[Items from a dataset]
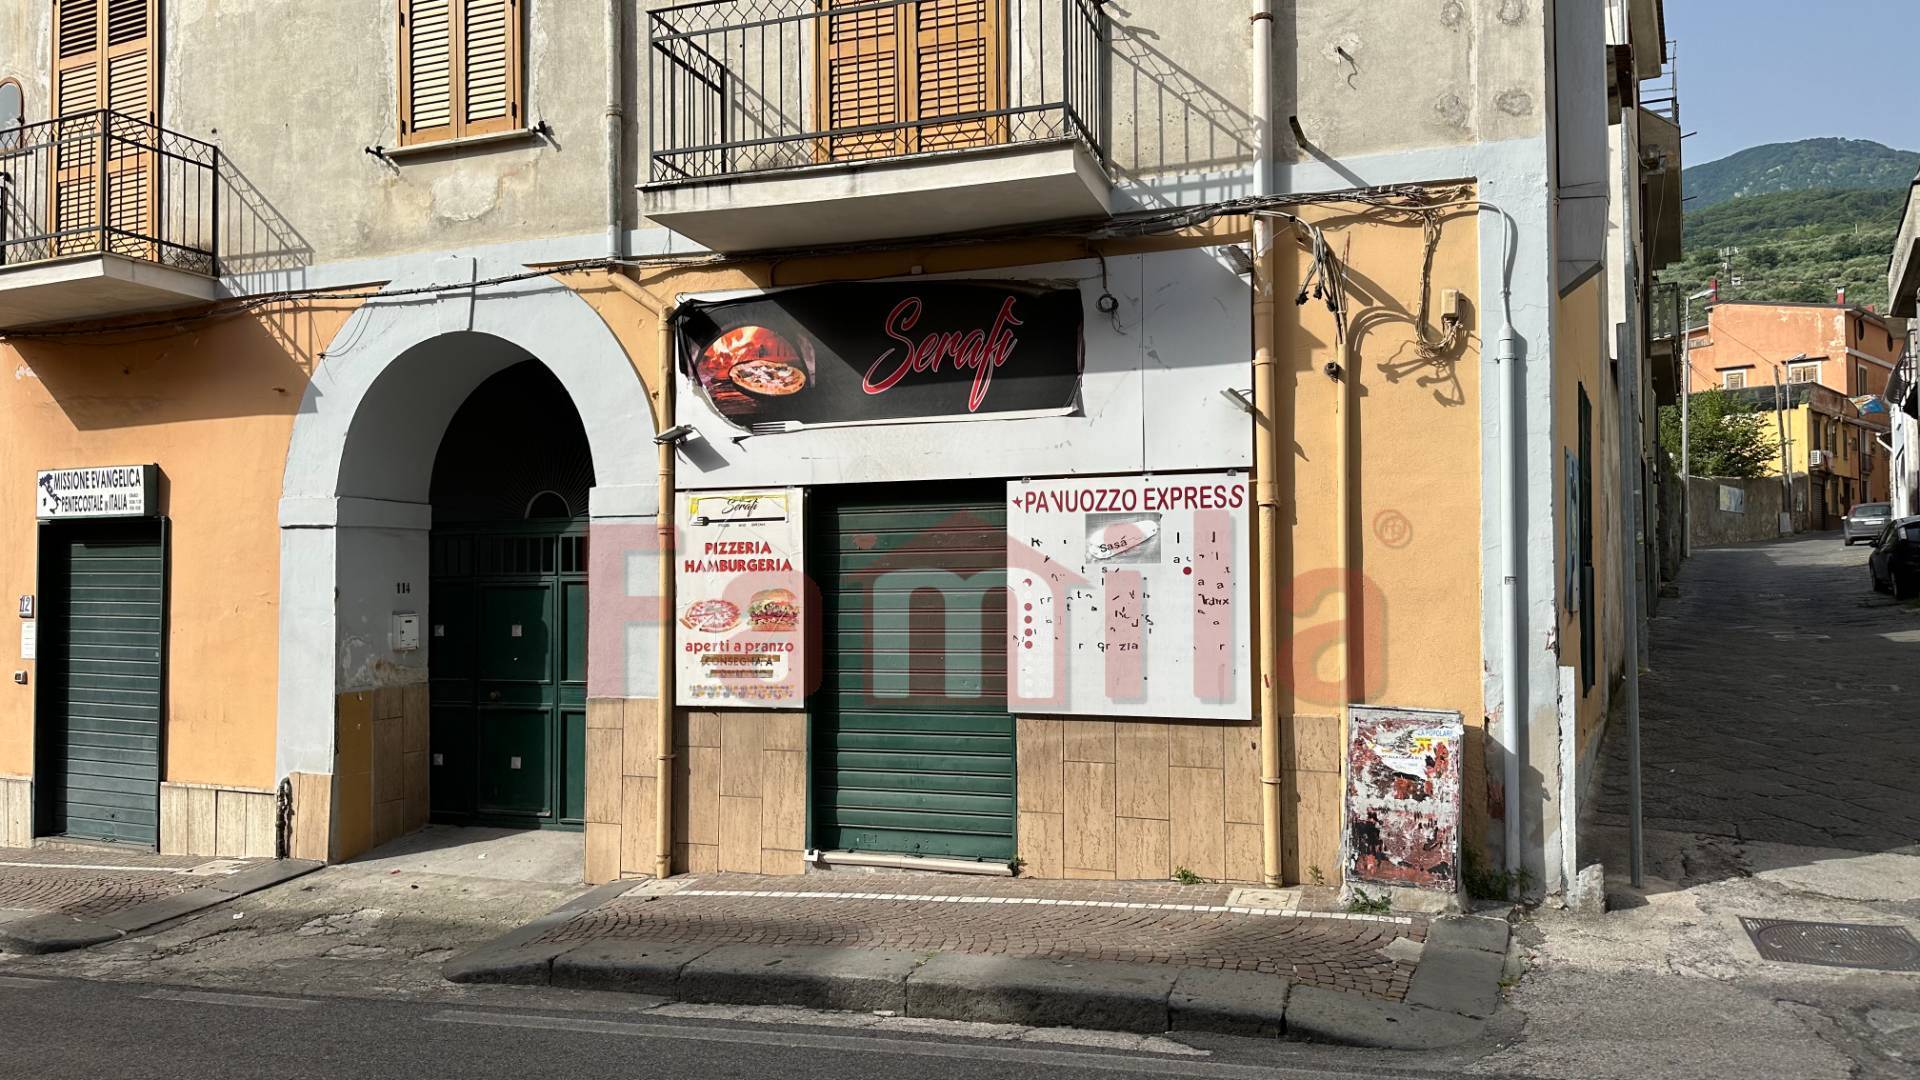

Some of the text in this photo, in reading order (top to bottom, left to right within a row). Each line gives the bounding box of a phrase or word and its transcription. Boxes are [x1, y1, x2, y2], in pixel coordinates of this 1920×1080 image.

[862, 296, 1024, 413] Serafi
[54, 467, 141, 490] MISSIONE EVANGELICA
[61, 494, 103, 512] PENTECOSTALE
[109, 493, 128, 510] ITALIA
[1025, 484, 1245, 513] PANUOZZO EXPRESS
[704, 541, 772, 555] PIZZERIA
[684, 559, 793, 573] HAMBURGERIA
[685, 640, 794, 655] aperti a pranzo

§ Your objective
Transcribe every record above exactly, leaving out the pictures.

§ Answer section
Some of the text in this photo, in reading order (top to bottom, left to right within a row). Each line gives the bounding box of a phrase or word and its transcription. Boxes are [x1, y1, x2, y2], in pixel coordinates of this 1920×1080 image.

[862, 296, 1024, 413] Serafi
[54, 467, 141, 490] MISSIONE EVANGELICA
[61, 494, 103, 512] PENTECOSTALE
[109, 493, 128, 510] ITALIA
[1025, 484, 1245, 513] PANUOZZO EXPRESS
[704, 541, 772, 555] PIZZERIA
[684, 559, 793, 573] HAMBURGERIA
[685, 640, 794, 655] aperti a pranzo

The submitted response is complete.